WORK REQUIRED:
Omit all pictures, then print the entries exactly.

□ □ □ □ □

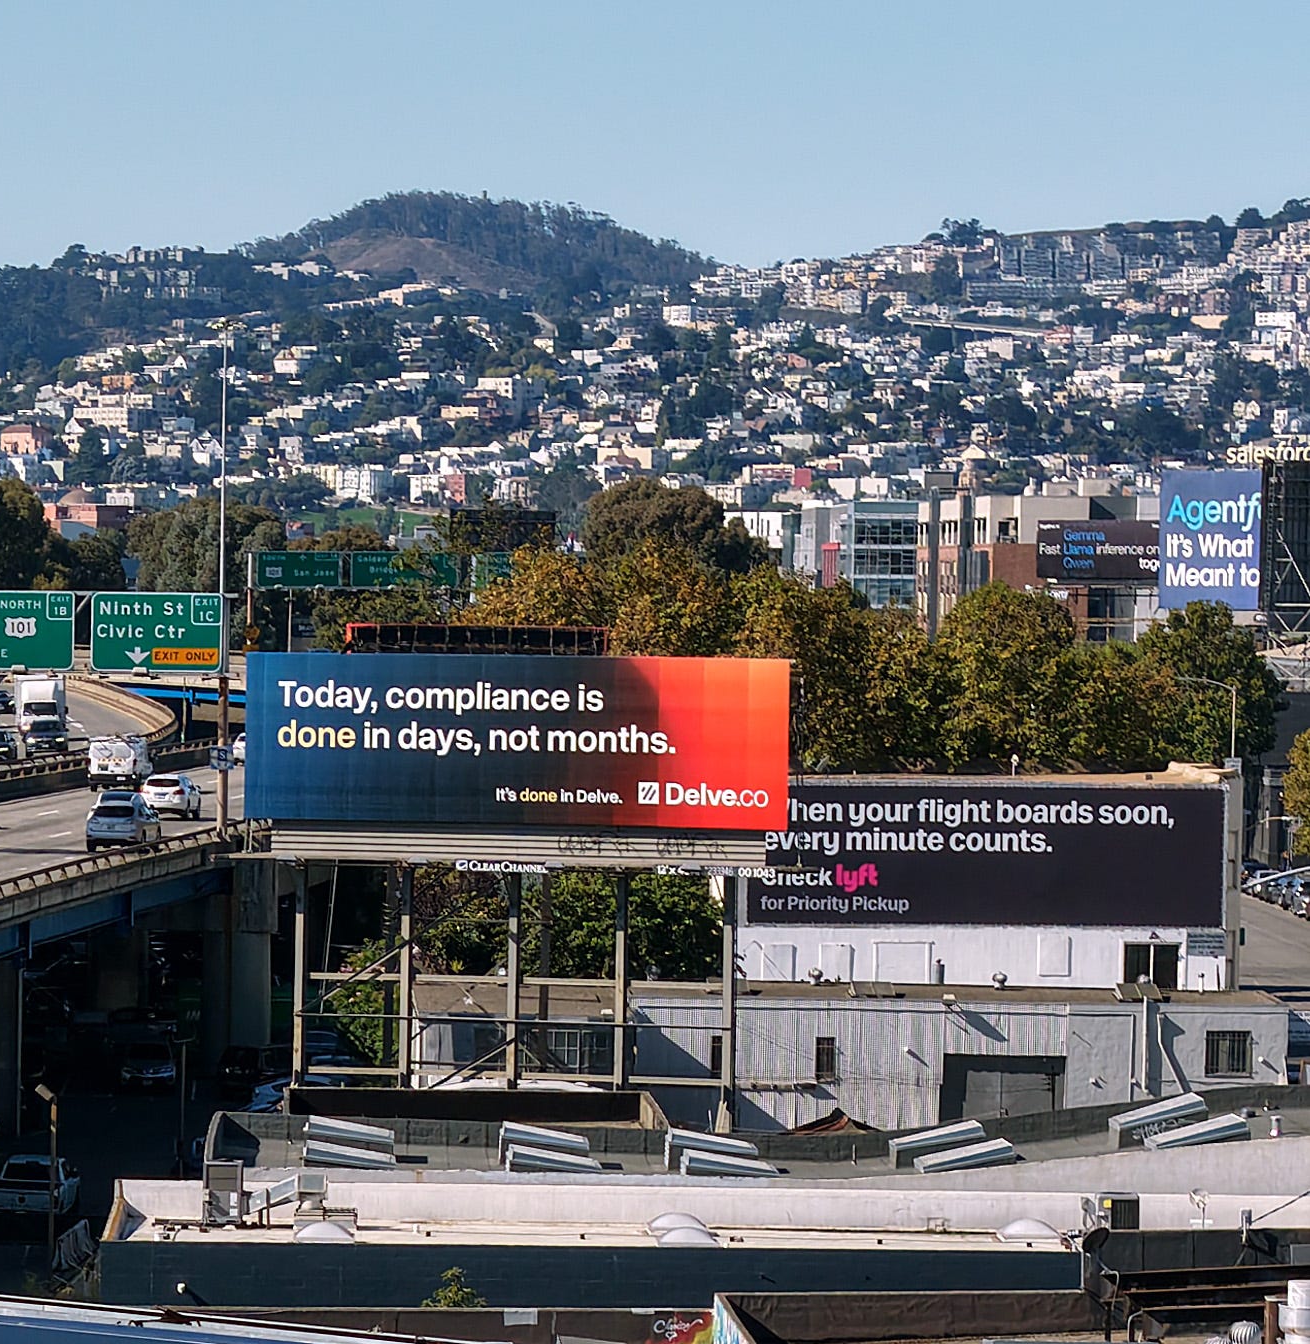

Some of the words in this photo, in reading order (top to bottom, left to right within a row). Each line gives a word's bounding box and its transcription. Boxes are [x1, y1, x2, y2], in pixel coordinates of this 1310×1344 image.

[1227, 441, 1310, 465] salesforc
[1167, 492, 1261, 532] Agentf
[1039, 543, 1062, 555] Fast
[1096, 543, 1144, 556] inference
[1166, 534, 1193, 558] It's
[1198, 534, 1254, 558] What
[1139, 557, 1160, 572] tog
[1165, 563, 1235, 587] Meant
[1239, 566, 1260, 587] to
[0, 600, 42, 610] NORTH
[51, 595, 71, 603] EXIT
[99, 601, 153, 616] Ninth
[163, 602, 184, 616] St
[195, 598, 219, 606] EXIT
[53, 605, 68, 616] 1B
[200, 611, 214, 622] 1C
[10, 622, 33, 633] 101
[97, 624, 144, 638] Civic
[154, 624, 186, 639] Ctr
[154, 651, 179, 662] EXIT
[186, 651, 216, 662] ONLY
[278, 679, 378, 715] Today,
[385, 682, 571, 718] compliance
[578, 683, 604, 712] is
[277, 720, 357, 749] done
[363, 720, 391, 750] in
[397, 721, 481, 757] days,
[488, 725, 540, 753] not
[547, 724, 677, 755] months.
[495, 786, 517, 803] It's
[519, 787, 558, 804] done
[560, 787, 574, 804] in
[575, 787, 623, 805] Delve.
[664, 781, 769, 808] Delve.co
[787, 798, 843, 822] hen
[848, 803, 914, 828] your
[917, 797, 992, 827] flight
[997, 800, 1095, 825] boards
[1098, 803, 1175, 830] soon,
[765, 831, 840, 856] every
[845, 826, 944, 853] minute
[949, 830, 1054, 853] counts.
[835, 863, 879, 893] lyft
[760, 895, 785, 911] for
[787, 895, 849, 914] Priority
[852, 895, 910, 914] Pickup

□ □ □ □ □

TASK SOLUTION:
Some of the words in this photo, in reading order (top to bottom, left to right within a row). Each line gives a word's bounding box and its transcription. Boxes are [x1, y1, x2, y2], in pixel coordinates of this 1310×1344 image.

[1227, 441, 1310, 465] salesforc
[1167, 492, 1261, 532] Agentf
[1039, 543, 1062, 555] Fast
[1096, 543, 1144, 556] inference
[1166, 534, 1193, 558] It's
[1198, 534, 1254, 558] What
[1139, 557, 1160, 572] tog
[1165, 563, 1235, 587] Meant
[1239, 566, 1260, 587] to
[0, 600, 42, 610] NORTH
[51, 595, 71, 603] EXIT
[99, 601, 153, 616] Ninth
[163, 602, 184, 616] St
[195, 598, 219, 606] EXIT
[53, 605, 68, 616] 1B
[200, 611, 214, 622] 1C
[10, 622, 33, 633] 101
[97, 624, 144, 638] Civic
[154, 624, 186, 639] Ctr
[154, 651, 179, 662] EXIT
[186, 651, 216, 662] ONLY
[278, 679, 378, 715] Today,
[385, 682, 571, 718] compliance
[578, 683, 604, 712] is
[277, 720, 357, 749] done
[363, 720, 391, 750] in
[397, 721, 481, 757] days,
[488, 725, 540, 753] not
[547, 724, 677, 755] months.
[495, 786, 517, 803] It's
[519, 787, 558, 804] done
[560, 787, 574, 804] in
[575, 787, 623, 805] Delve.
[664, 781, 769, 808] Delve.co
[787, 798, 843, 822] hen
[848, 803, 914, 828] your
[917, 797, 992, 827] flight
[997, 800, 1095, 825] boards
[1098, 803, 1175, 830] soon,
[765, 831, 840, 856] every
[845, 826, 944, 853] minute
[949, 830, 1054, 853] counts.
[835, 863, 879, 893] lyft
[760, 895, 785, 911] for
[787, 895, 849, 914] Priority
[852, 895, 910, 914] Pickup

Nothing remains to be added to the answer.